The main problem for the Democrats is, like the Liberals, they haven't planned for their future. The sign of a party in decay is not that Lees and Stott Despoja went at each other, that sort of thing happens all the time in politics. The sign of decay is that membership dried up and the pool of new candidates has stagnated and drained away. Andrew Murray claims that their vote went up in 2001 - but there were no new Senators elected then, and had there been things may have been different now.

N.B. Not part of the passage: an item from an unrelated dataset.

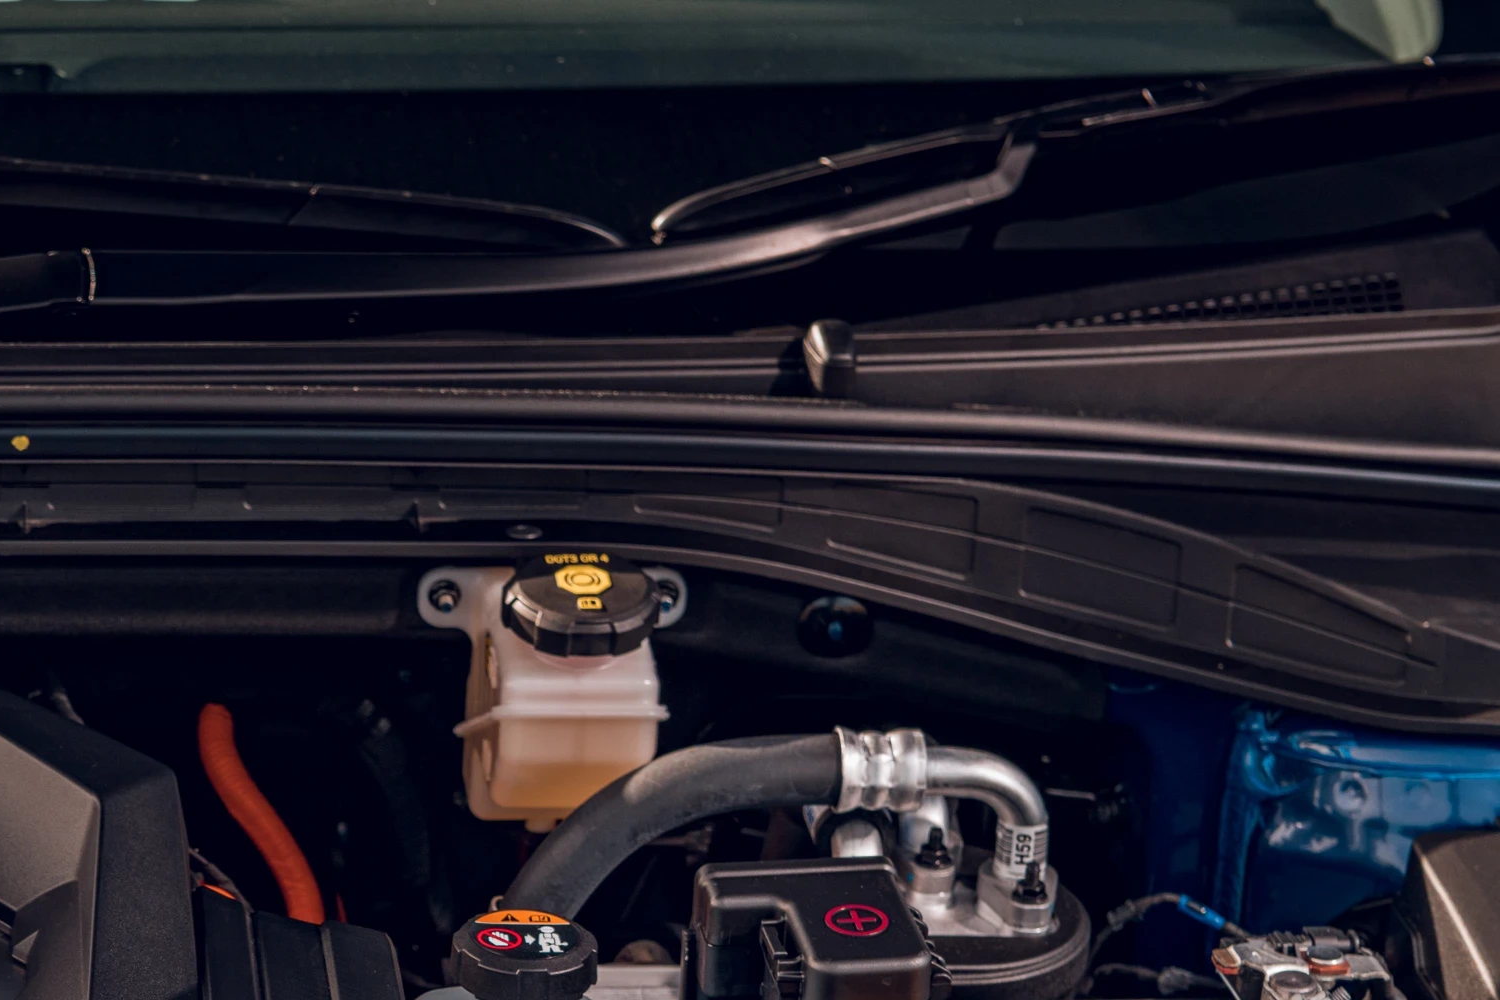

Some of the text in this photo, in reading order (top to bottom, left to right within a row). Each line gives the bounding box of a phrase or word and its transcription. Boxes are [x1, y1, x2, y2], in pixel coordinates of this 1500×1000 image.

[545, 553, 610, 564] DOT3 OR 4
[1014, 833, 1032, 865] H59

A party is healthy when it attracts capable candidates willing to run for office, and the Democrats are not a healthy party. The Liberals might be eating their future but all the Democrats can do is starve.

Lyn Allison is a worthy contributor to Senate deliberations, but she's not a leader and nor is she a winning candidate for the Senate in Victoria. In a healthy party, she'd have been challenged by a number of wannabes and either lifted her game or succumbed. Now, all she's going to do is light all Democrats the way to dusty political death.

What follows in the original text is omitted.